= Beginning of Section =
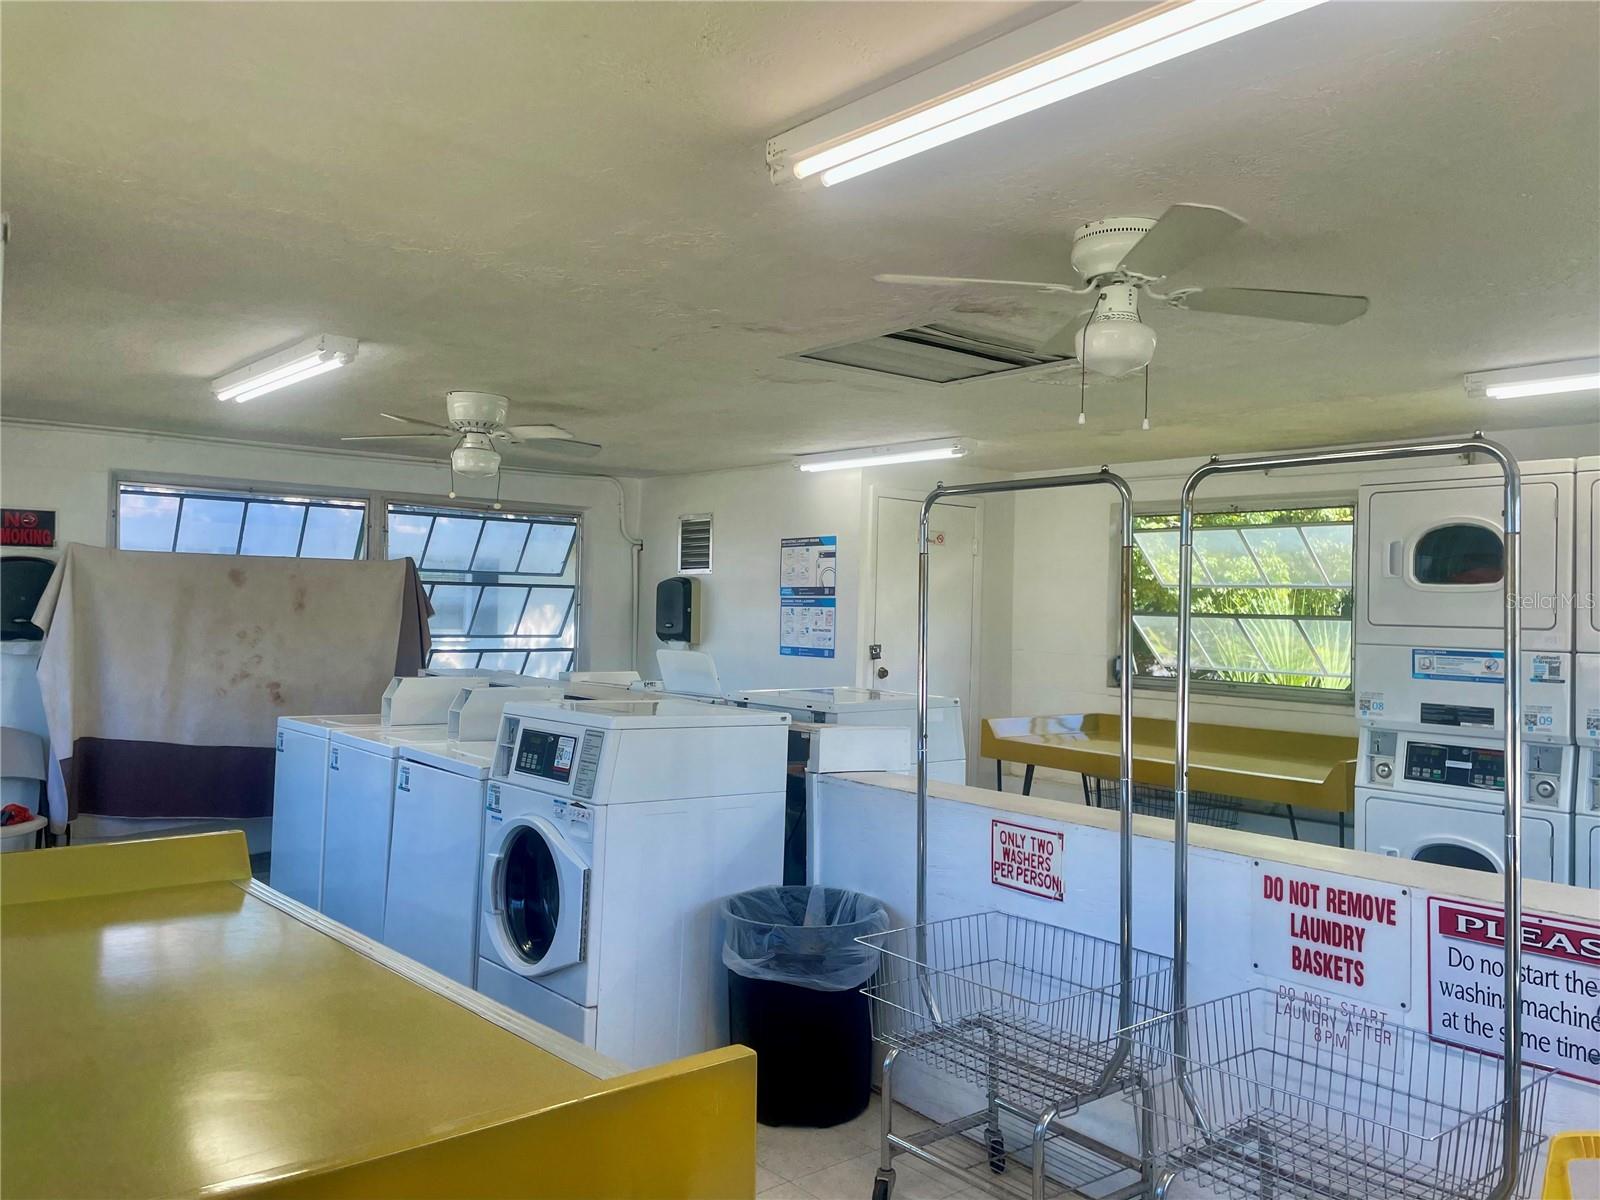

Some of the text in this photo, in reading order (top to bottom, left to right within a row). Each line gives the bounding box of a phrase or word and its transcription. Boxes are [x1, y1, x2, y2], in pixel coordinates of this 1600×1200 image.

[0, 528, 52, 545] MOKING
[4, 511, 38, 528] NO
[1372, 701, 1384, 711] 08
[1539, 716, 1553, 725] 09
[1000, 830, 1054, 856] ONLY TWO
[1002, 846, 1051, 872] WASHERS
[994, 861, 1014, 880] PER
[1263, 874, 1396, 926] DO NOT REMOVE
[1290, 912, 1366, 953] LAUNDRY
[1456, 914, 1600, 959] PLEAS
[1291, 945, 1365, 987] BASKETS
[1448, 946, 1598, 998] Do no start the
[1279, 984, 1388, 1027] DO NOT START
[1439, 980, 1505, 1009] washin
[1276, 1001, 1392, 1046] LAUNDRY AFTER
[1441, 1012, 1600, 1066] at the sme time
= End of Section =
**What the task asks**
Word for word, print every record, and leave out any picture.

**Finished task**
Some of the text in this photo, in reading order (top to bottom, left to right within a row). Each line gives the bounding box of a phrase or word and its transcription. Boxes are [x1, y1, x2, y2], in pixel coordinates of this 1600×1200 image.

[0, 528, 52, 545] MOKING
[4, 511, 38, 528] NO
[1372, 701, 1384, 711] 08
[1539, 716, 1553, 725] 09
[1000, 830, 1054, 856] ONLY TWO
[1002, 846, 1051, 872] WASHERS
[994, 861, 1014, 880] PER
[1263, 874, 1396, 926] DO NOT REMOVE
[1290, 912, 1366, 953] LAUNDRY
[1456, 914, 1600, 959] PLEAS
[1291, 945, 1365, 987] BASKETS
[1448, 946, 1598, 998] Do no start the
[1279, 984, 1388, 1027] DO NOT START
[1439, 980, 1505, 1009] washin
[1276, 1001, 1392, 1046] LAUNDRY AFTER
[1441, 1012, 1600, 1066] at the sme time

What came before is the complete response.